It may not be generally known that the word “health” and the word “holy” come from the same root. Perfect health is the absence of disease; perfect holiness is the absence of sin. Christian purity brings finality to nothing but inbred sin. It is the soul restored to perfect health, but it is not perfect development. A babe may be perfectly healthy, but there is a vast difference between childhood and manhood. There are “babes,” “young men,” and “men of full age” in a state of entire sanctification. Purity expels disease from the soul; maturity builds up the soul in vigour and beauty. The one is the field cleared of noxious weeds; the other is the ripe, waving harvest. Purity is the best preparation for growth, but it is not the consummation of growth. A steady and constant growth in grace is the ideal in Christian life. But to secure this there must be a pure moral soil such as results from entire cleansing. “The heart may be cleansed from all sin,” says Bishop Hamline,11 “while our graces are immature, and entire cleansing is the best preparation for their unembarrassed and rapid growth.” We must seek a clean heart first, and look for maturity in the order of Divine appointment.

A friend of mine was once conversing with a good man and a leader in the Church on this important subject, when the man said to him, “I would just as soon believe that my son could go to school tomorrow morning without knowing a figure in arithmetic, and come home at night a complete mathematician, as I could believe that any man could in a day become a perfectly matured Christian.”
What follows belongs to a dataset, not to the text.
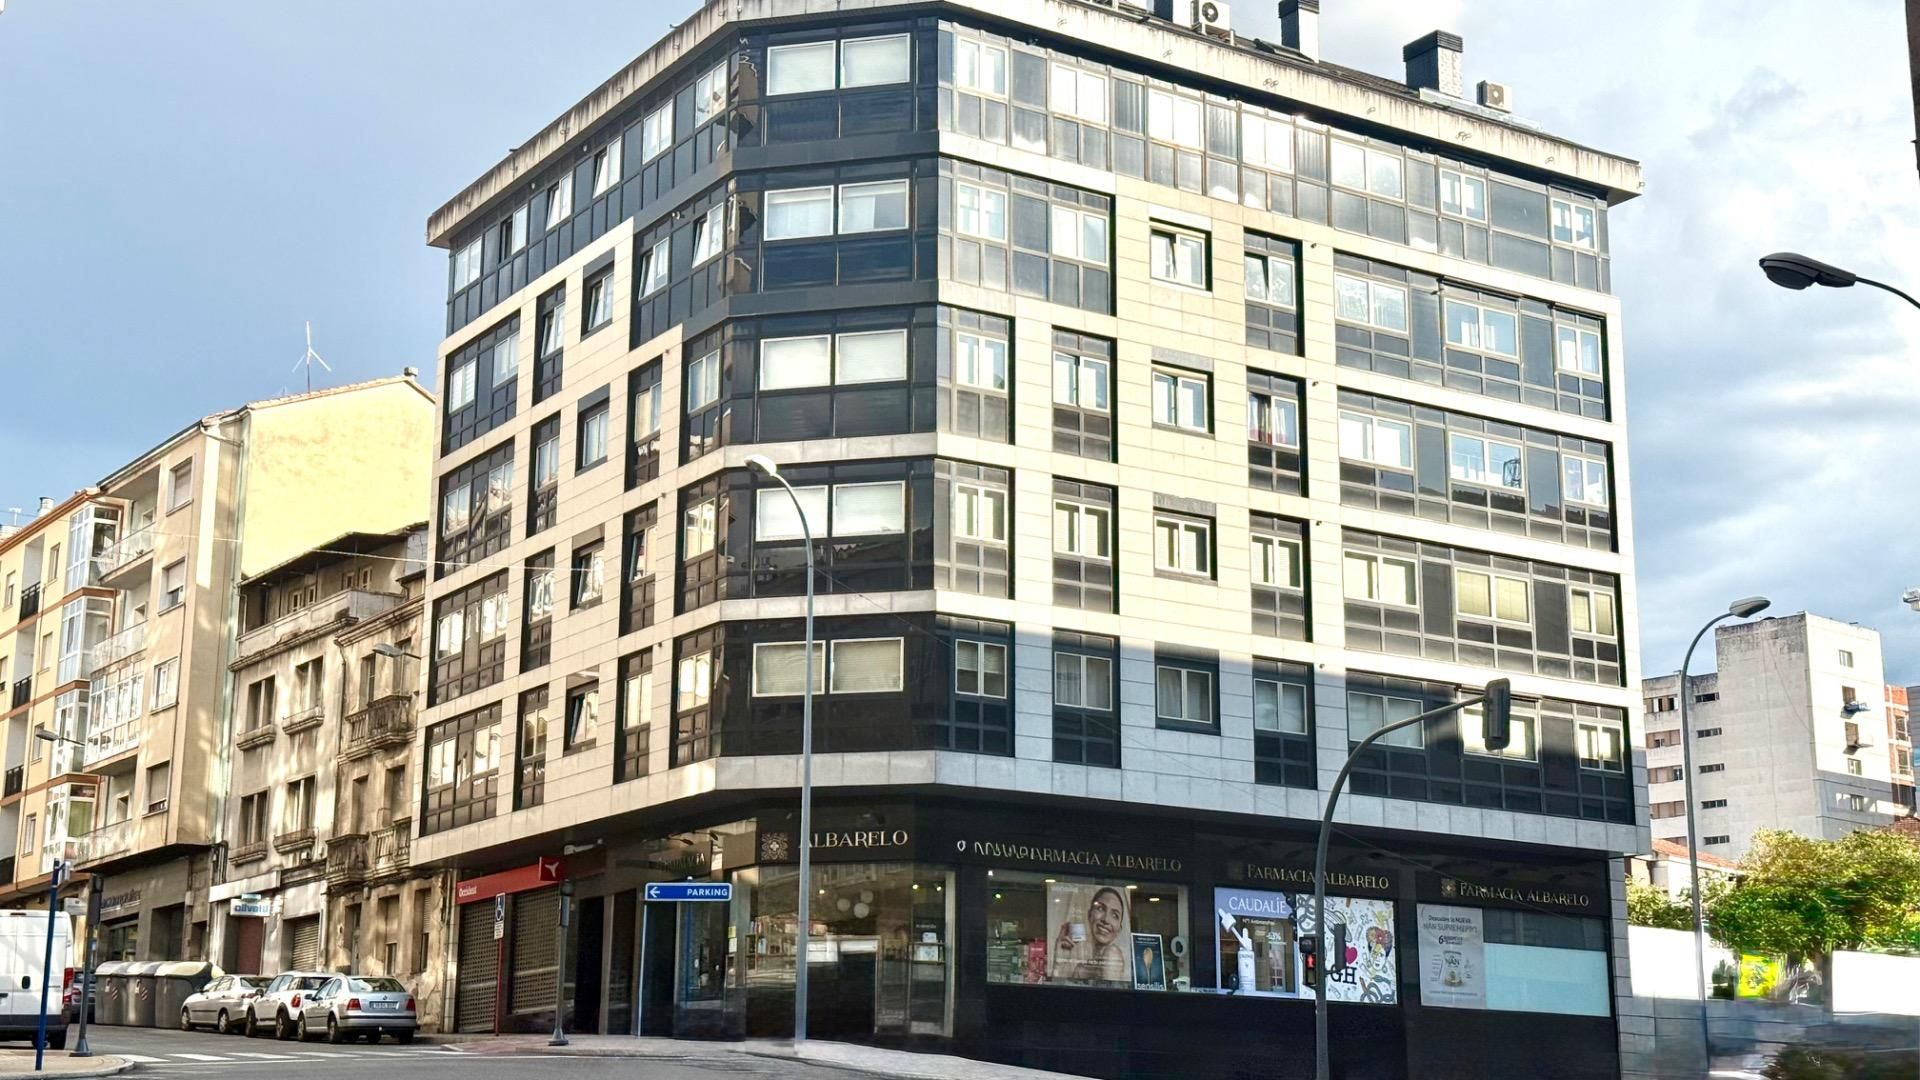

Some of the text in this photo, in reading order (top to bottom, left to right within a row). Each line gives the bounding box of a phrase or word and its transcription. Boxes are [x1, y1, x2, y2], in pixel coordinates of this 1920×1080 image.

My friend replied, “You are confounding things that differ; I am speaking of one thing, and you of another.  Suppose,” he said, “your son, with no knowledge of arithmetic, were to go to school tomorrow, and that he were put into simple addition, and that at the end of the month, and of the year, and at the end of two or three years, he were in simple addition still, what would you say to that?”

“Why,” said he, “I should say there was something wrong in the boy, or in his teacher, or both.”

“Exactly,” replied my friend, “that is just what I want you to see, that if we do not grow in grace, if we are always in a state of spiritual babyhood instead of advancing to manhood, it is because there is something wrong that needs removing.”

That “something” is inbred or heart sin.

Purity is not the goal of Christian life, but rather a new starting-point on a higher plane. In conversion, all the graces of the Spirit are implanted within the soul, but they exist in germ only; they are not developed.  So long as sin remains within us, not only are the graces of the Spirit within, but their opposites are there also, which are like weeds about the root of a plant impeding its growth.  No grace of the Spirit can be helped in its development by the presence of its opposite.  A little unbelief cannot help, but must hinder the growth of our faith, a little pride will have the same effect on our humility.  To one who thought that we needed a little sin in our hearts to keep us humble, we ventured to suggest, “Why not have a great deal, and be perfectly humble if there be reason in that?”  Proclivities towards sin cannot help a soul into conformity to God.  Just as a child, who has an organic disease, grows very slowly and unevenly, if at all, so a Christian who has not been entirely sanctified grows very irregularly.  There must be perfect health before there can be real and vigorous growth.  Sin in the heart makes us like a child that is sickly, or a tree with a worm at the root.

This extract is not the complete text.